Outras ruas que também são bem centrais e ótimas para quem prefere dar uma atenção especial à localização são a Abbot St, Lake St, Spencer St e Shields St e Aplin St, que têm restaurantes e lojas. Mais opções no CBD de Cairns são Double Tree, o Southern Cross, que tem apartamentos confortáveis, o Il Palazzo Boutique Apartments e o Gilligan’s, voltado para mochileiros.

Restaurantes em Cairns

Para quem gosta de comer bem, duas opções imperdíveis em Cairns são o Ochre e o Cest’bon. O Ochre é voltado para a cozinha australiana e nele você encontrará pratos exóticos, como carne de canguru e sanduíche de crocodilo que, diga-se de passagem, é sensacional! No C’est Bon, o foco é a culinária francesa, e além de um bom atendimento, no menu você encontrará alguns clássicos da cozinha francesa e, ainda, boas carnes e peixes.

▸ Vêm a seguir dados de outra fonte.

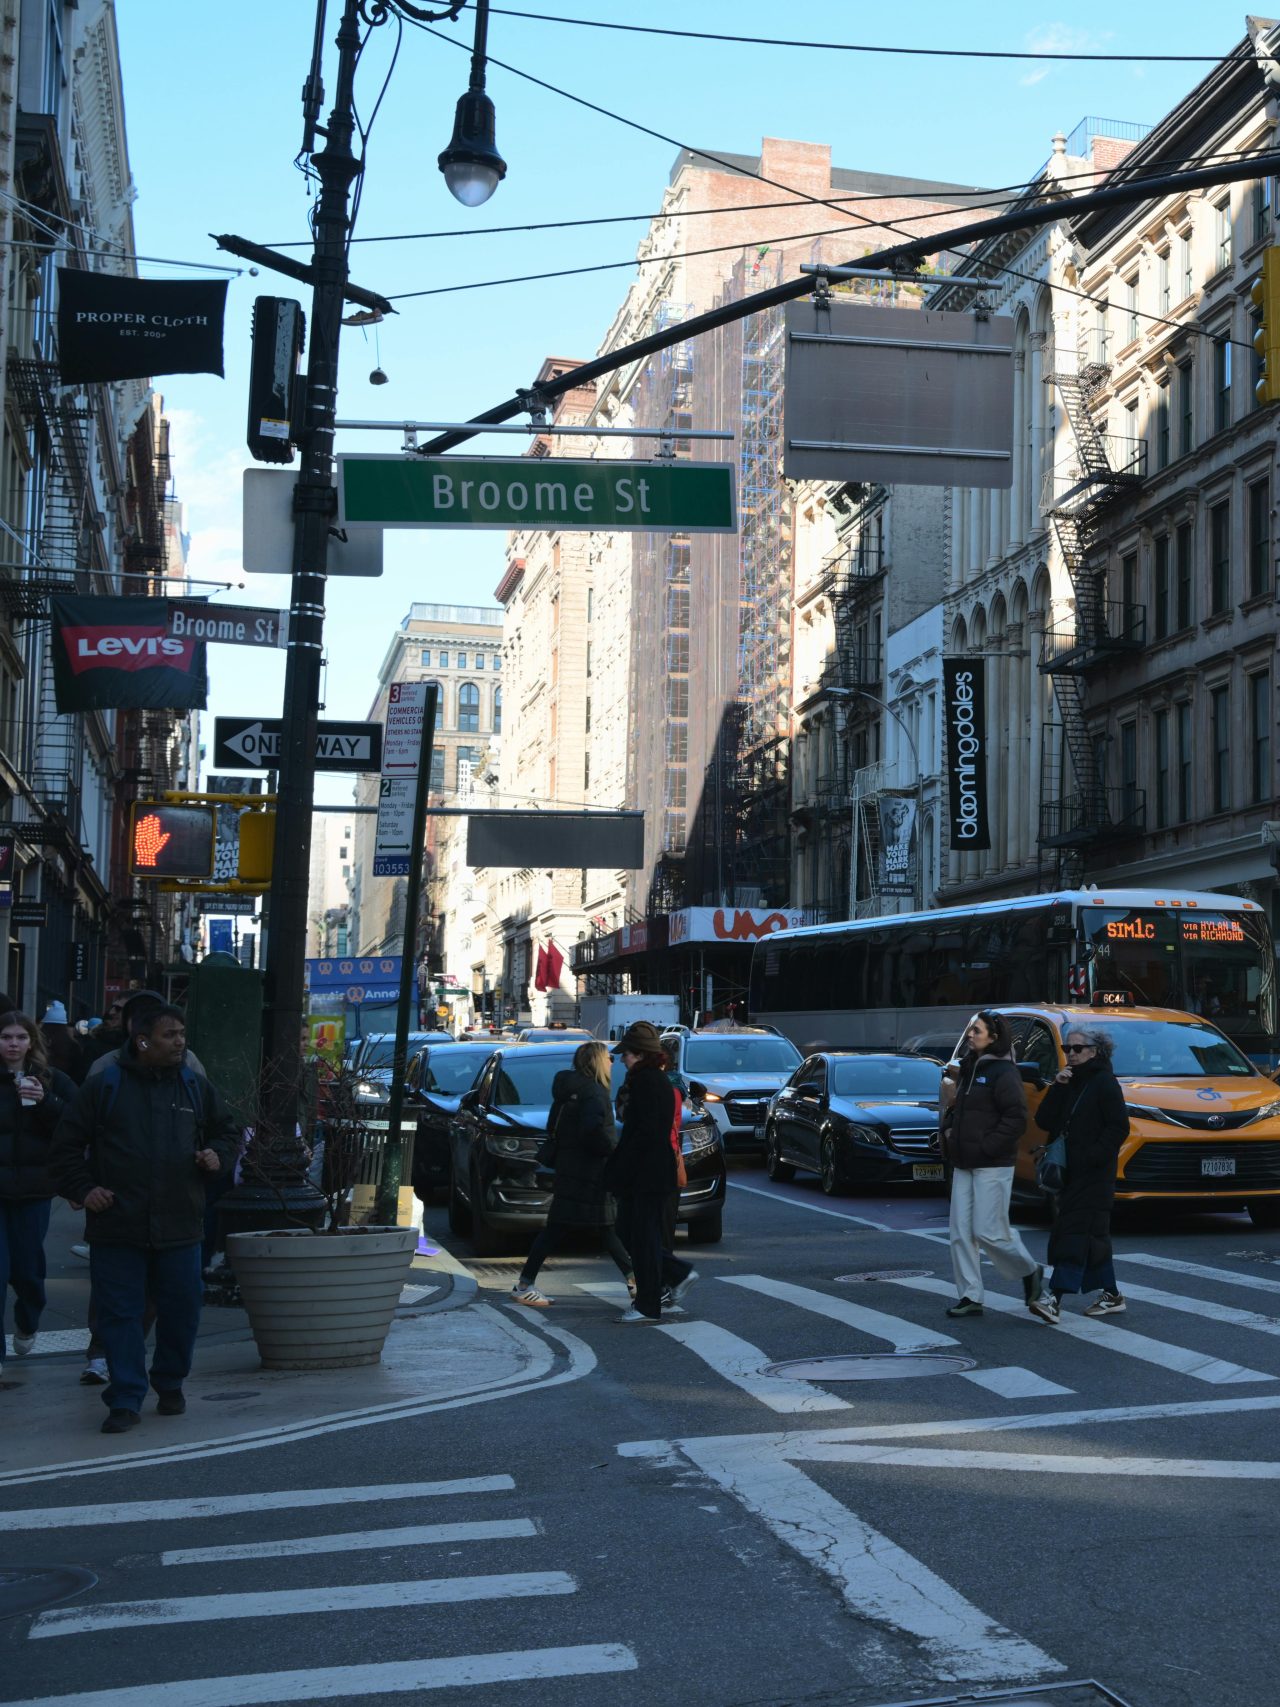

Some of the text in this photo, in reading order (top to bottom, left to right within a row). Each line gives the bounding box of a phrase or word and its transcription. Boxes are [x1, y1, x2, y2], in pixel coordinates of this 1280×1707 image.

[76, 311, 208, 327] PROPER CLOTH
[433, 474, 652, 513] Broome St
[172, 611, 275, 643] Broome St
[391, 685, 400, 702] 3
[389, 706, 425, 715] COMMERCIA
[388, 716, 416, 725] VEHICLES
[316, 736, 361, 757] WAY
[382, 779, 390, 796] 2
[887, 844, 908, 852] MAKE
[214, 851, 240, 861] YOU
[887, 850, 908, 859] YOUR
[213, 860, 239, 870] MAR
[885, 856, 909, 865] MARK
[375, 863, 410, 874] 103553
[886, 863, 908, 871] SOHO
[212, 868, 238, 880] SOH
[1183, 922, 1198, 931] VIA
[1200, 920, 1229, 931] HYLAN
[1183, 930, 1244, 941] VIA RICHMOND
[1103, 993, 1125, 1004] 6C44

Algo que você deve fazer em Cairns é tomar um sorvete! Como faz muito calor, um sorvetinho cai bem a qualquer hora do dia. Uma opção muito popular é a Devine Gelato, onde você poderá tomar um sorvete de chocolate Lindt. Uma outra alternativa não tão conhecida e super legal é a Vanilla Gelateria, que tem um sorvete de blood orange muito bom e alguns pufes que podem ser colocados no gramado em frente ao lugar. Excelente para curtir um dia de sol!

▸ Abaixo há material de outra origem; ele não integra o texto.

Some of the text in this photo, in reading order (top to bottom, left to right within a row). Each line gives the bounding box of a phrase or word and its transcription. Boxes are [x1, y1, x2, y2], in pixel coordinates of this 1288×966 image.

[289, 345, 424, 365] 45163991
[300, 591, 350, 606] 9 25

Em alguma de suas noites em Cairns, passe no Night Market, um mercado que tem comidas e várias lembranças de viagem. Nele, você poderá comer um doce chinês (a cultura chinesa é muito difundida na Austrália) ou tomar um bubble tea, um chá popular na ásia que vem com pérolas de tapioca.

Bares e vida noturna

Quem quer fazer alguma coisa durante a noite, precisa saber, antes de tudo, que a vida noturna na Austrália começa cedo quando comparada aos hábitos no Brasil. A noite começa logo depois do horário de trabalho, lá pelas 18h, 19h – nesse horário já há gente nas boates. Outro ponto a ter em mente é que, assim como tudo na Austrália, beber é caro. Espere pagar entre 8-10 dólares por uma cerveja em um bar. 

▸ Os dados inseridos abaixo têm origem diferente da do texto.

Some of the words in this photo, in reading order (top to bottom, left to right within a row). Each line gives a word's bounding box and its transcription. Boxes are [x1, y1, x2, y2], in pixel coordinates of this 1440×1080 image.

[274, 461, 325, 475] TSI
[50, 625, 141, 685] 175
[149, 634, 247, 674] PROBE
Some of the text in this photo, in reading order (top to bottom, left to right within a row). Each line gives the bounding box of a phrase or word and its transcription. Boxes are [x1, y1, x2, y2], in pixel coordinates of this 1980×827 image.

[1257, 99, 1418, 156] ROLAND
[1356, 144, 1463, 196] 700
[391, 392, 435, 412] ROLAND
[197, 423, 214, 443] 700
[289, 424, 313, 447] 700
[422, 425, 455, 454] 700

Para quem gosta de jogar ou quer conhecer um dos points de Cairns, uma visita ao The Reef Hotel Casino é essencial. Nele você pode apostar suas fichas, tomar uma bebida e, quem sabe, voltar para casa com um dinheiro a mais no bolso. Para fazer um jantar diferente, que alia diversão e cultura, uma opção turística é o jantar do Tjapukai Aboriginal Cultural Park, um local dedicado à cultura aborígene e onde você poderá conhecer melhor sobre os hábitos e danças do povo que habitava a Austrália antes da chegada dos europeus. 

Não saia de Cairns sem visitar o Night Market, que é um mercado noturno onde você poderá encontrar de tudo um pouco. O lugar é uma boa oportunidade para tomar um bubble tea (chá popular na Ásia) e para comprar lembranças de viagens.